We haven’t done much so far today, just a walk around the town. Then Barrie had another go at the TV – and it works, we can get the ABC, plus ABC radio. I’m listening to the jazz station while I write this. We are going to check out the Gilgandra surrounds this afternoon. Gilgandra is a very interesting place. At the weekend they are celebrating the 90th anniversary of the Coo-ee march. (Unfortunately, we won’t be here.) (For those like me - in 1915, 35 men from Gilgandra walked from there to Sydney recruiting people as they went along to go to war. 5 weeks and 320 miles later, they finished up with 263 recruits, 20 of whom died in the war. Gilgandra is also called the town of windmills. Until 1966, residents supplied their own water by use of windmills. In the 1950s, there were over 300 windmills pumping water. (I hope you are not bored to tears, but I found it really interesting.)

This afternoon we checked out the information centre which, like Bribie, is housed by volunteers – for the first time since Bribie. I have never seen one like it. Clare, Judy and Judith & David, you would be green with envy. They applied for a Federation Grant and received $1 million – not bad for a town of only 2900. As well as the information centre, there is a Coo-ee march museum, a large room filled with display shelves of shells, different mineral specimens and Aboriginal artefacts. And another room of quilts. There was also quite a display on the soldiers who had lost their lives during the different wars, even one from the Vietnam war. The building would have probably been 10 times the size of our information centre.
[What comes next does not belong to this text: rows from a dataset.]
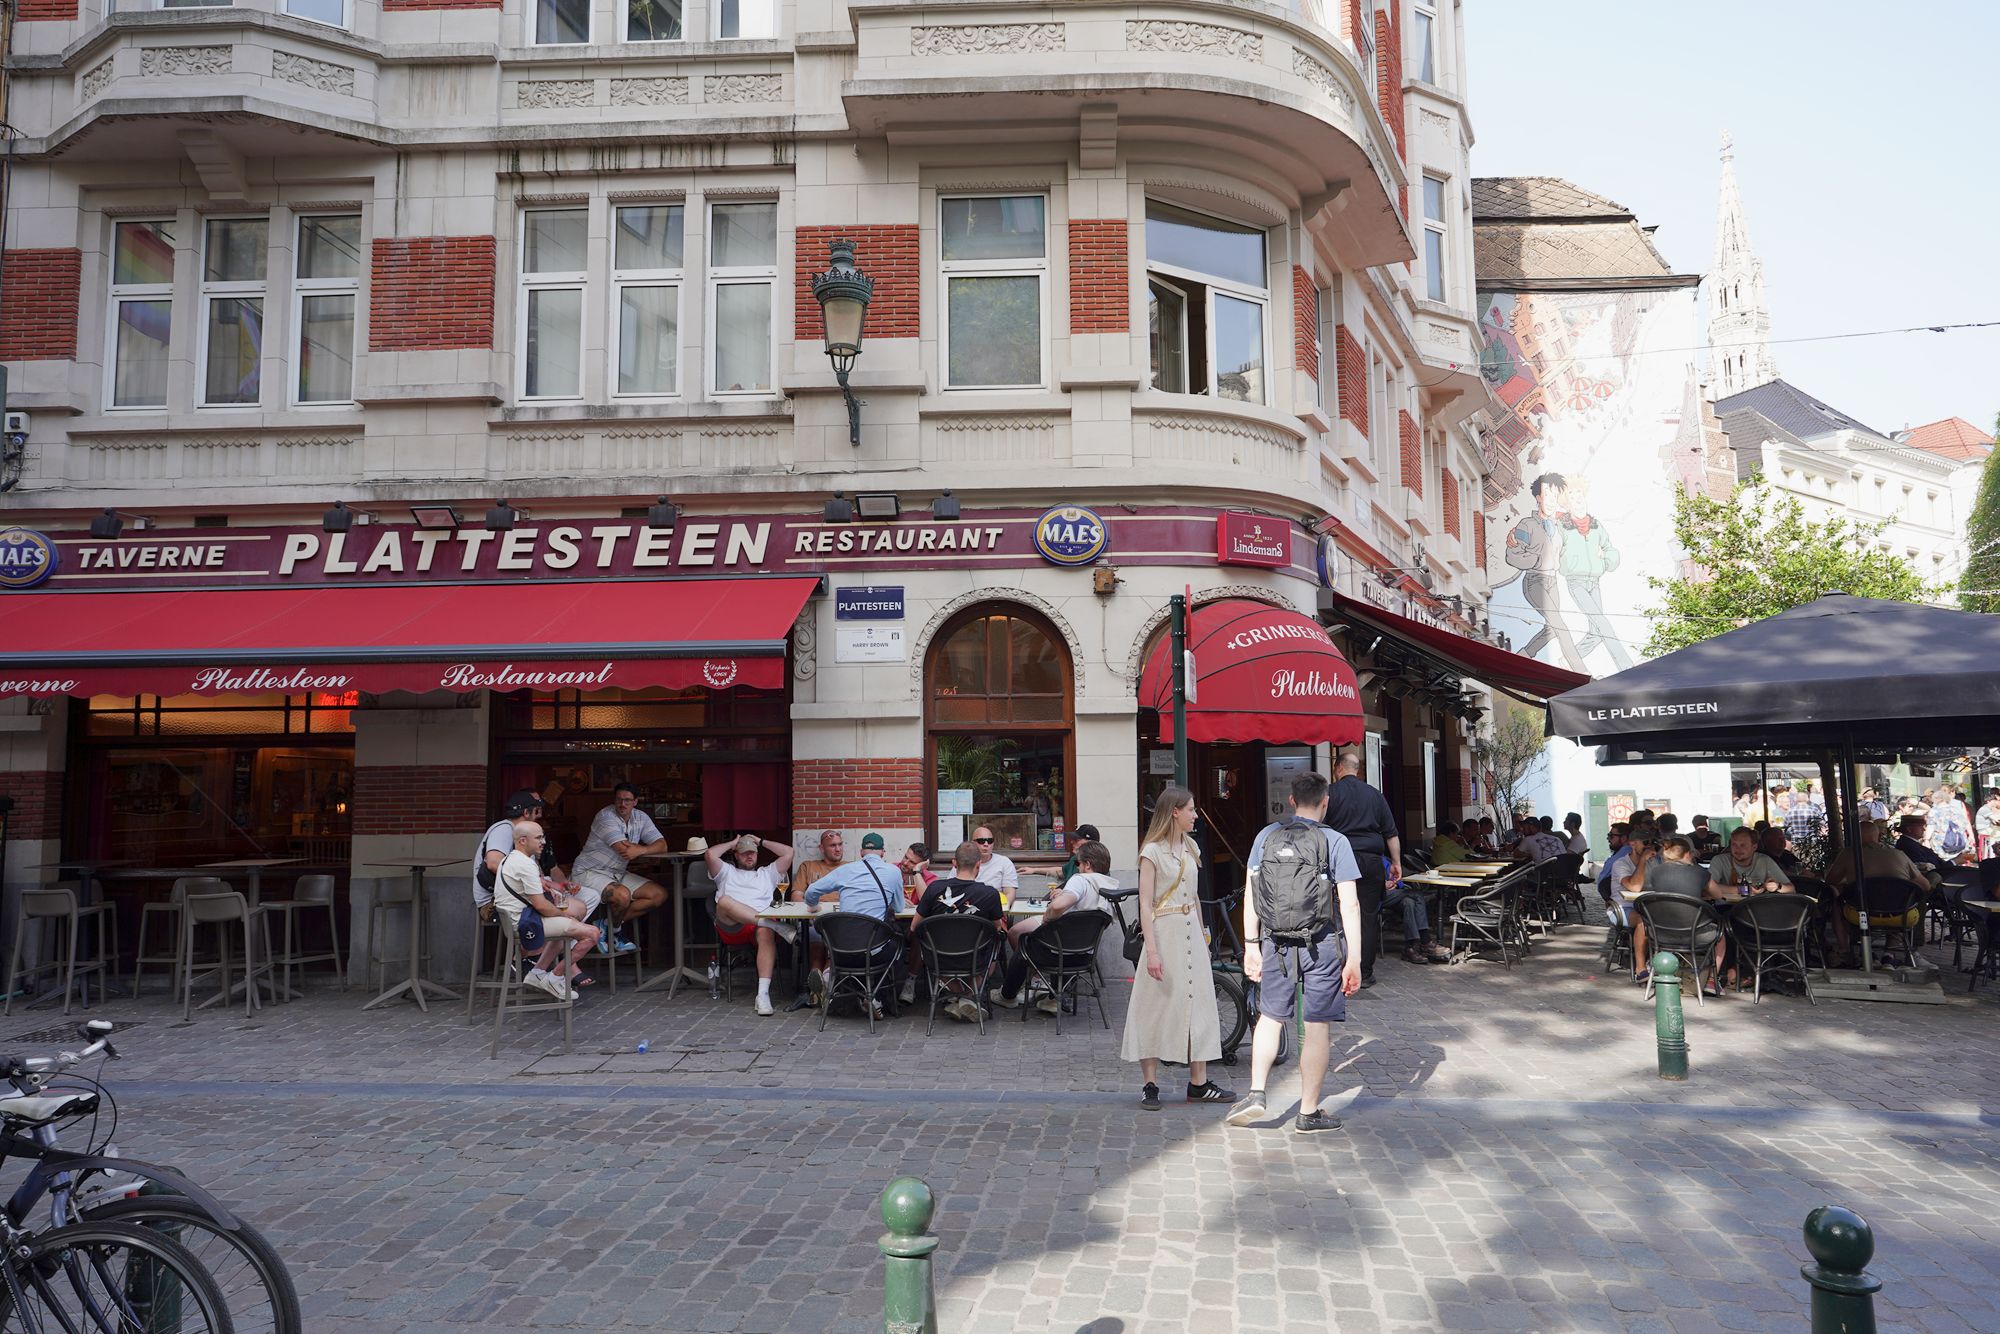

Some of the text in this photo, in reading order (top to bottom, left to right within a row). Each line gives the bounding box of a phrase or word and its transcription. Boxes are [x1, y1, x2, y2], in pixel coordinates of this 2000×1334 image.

[1039, 523, 1102, 544] MAES
[78, 522, 1003, 575] TAVERNE PLATTESTEEN RESTAURANT
[838, 602, 902, 611] PLATTESTEEN
[440, 662, 614, 687] Restaurant
[709, 664, 731, 672] Depuis
[191, 667, 354, 691] Plattesteen
[1271, 669, 1355, 700] Plattesteen
[1588, 702, 1719, 721] LE PLATTESTEEN
[1756, 771, 1779, 779] STION
Barrie and I were so impressed that we even went back and gave a donation – so it must have been good. You all know what I am like.

We then did a wider tour of the town, the main points of interest to us were St Ambrose Church, built with a donation from the town of St Ambrose in England in appreciation of Gilgandra’s was effort; and, needless to say, the RSL – Barrie was much happier with the beer there. We wish we’d gone there for tea last night.

Thursday, 29/9/05

After such a perfect day (temperature 26 ½o) and clear evening, the weather turned frightful – heavy rain and unbelievable wind. The annex got flooded (we hadn’t fastened it down properly). How does the weather know when we are due to pack up! So we packed up in what felt like a gale. Fortunately the rain held off most of the time. And we packed in record time - 1 ½ hours – AND, once we had finished, the weather came good again.
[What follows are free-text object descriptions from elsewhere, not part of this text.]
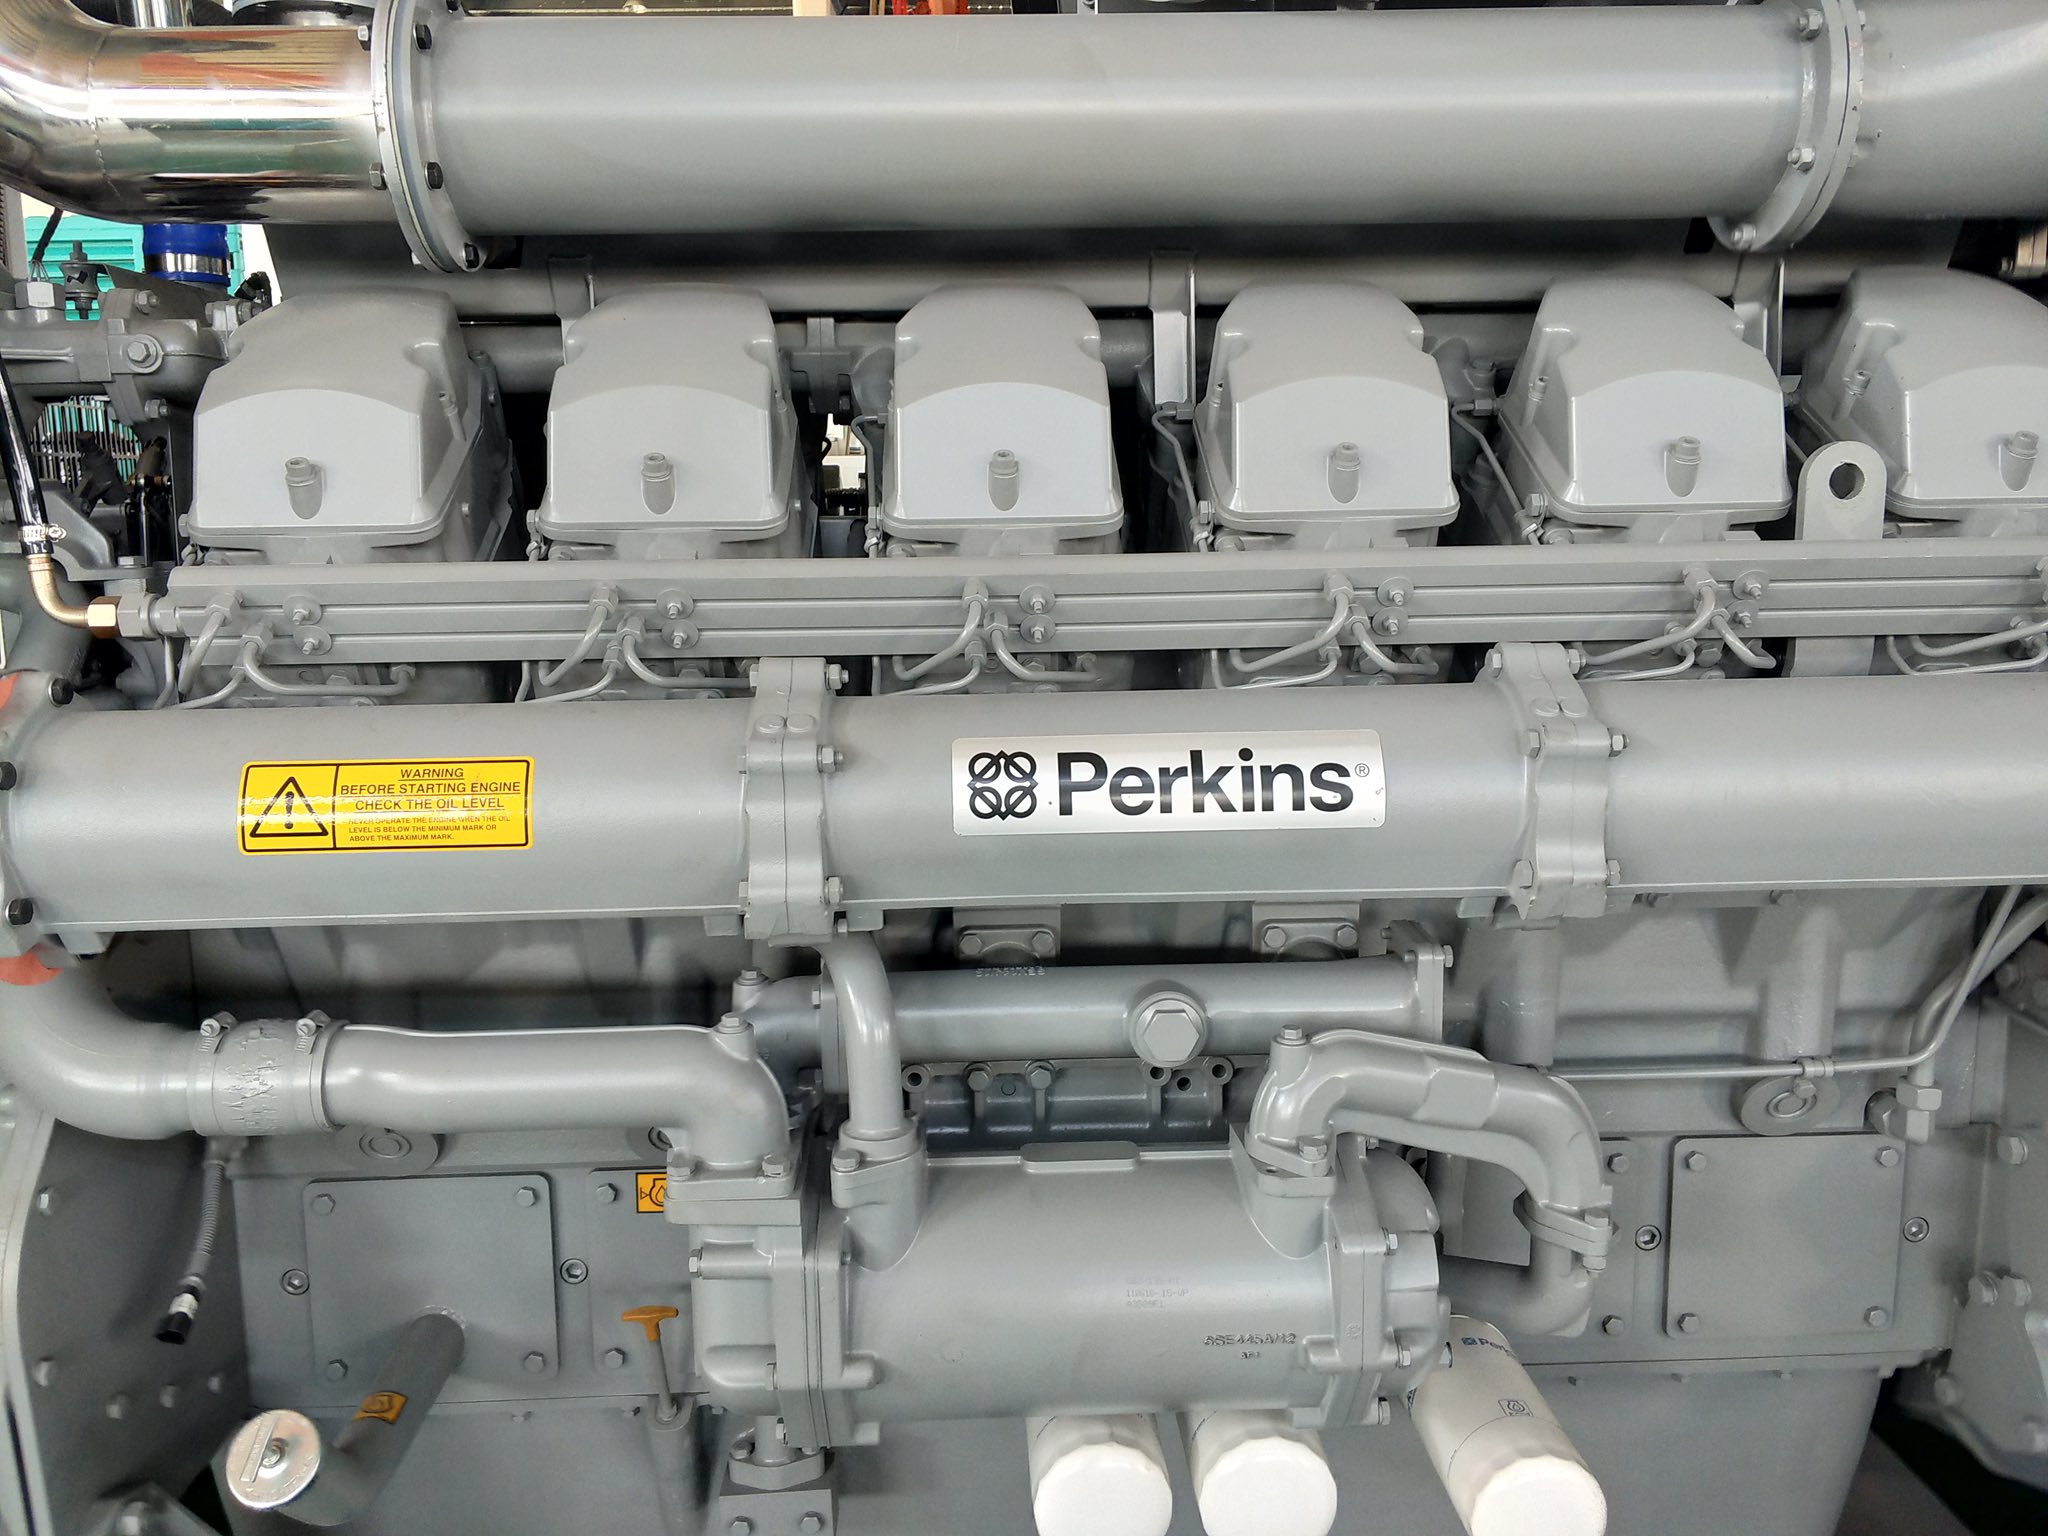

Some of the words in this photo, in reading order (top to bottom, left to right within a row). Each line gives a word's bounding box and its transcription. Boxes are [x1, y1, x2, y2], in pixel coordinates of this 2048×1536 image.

[400, 768, 464, 778] WARNING
[340, 784, 395, 795] BEFORE
[399, 782, 466, 794] STARTING
[470, 781, 521, 793] ENGINE
[355, 800, 401, 810] CHECK
[406, 799, 433, 809] THE
[436, 798, 458, 809] OIL
[462, 797, 505, 808] LEVEL
[383, 825, 410, 833] BELOW
[485, 823, 497, 831] OR
[430, 833, 454, 841] MARK.
So we are now on our way to Mudgee. We arrived in Mudgee at about 9.30 am, and had breakfast at Maccas. We then booked in to the Mudgee Riverside Caravan Park, for another week. The staff here are fantastic. Once again, we had to set up in the wind (it definitely knows when to come and go). We then had a walk around the town. (The park is just nearby.) I had no idea Mudgee was so big!

Friday, 30/9/05.

Last night was the coldest we’ve experienced so far – and we were told it can get much colder. Today is another perfect day, so we went and visited a couple of wineries (surprise! surprise!). We only sampled the Muscat and Port at each, and even I liked them. We can get bulk sent home, so will probably do that at some stage. We have all of the details. One of the wineries had an animal farm, and the other had an art exhibition and a motorbike museum, so they were well worth the visit. And the people at both were really friendly.

Barrie has just asked the manager of the park if I can use my computer and he has said yes, so I’ll go on line now.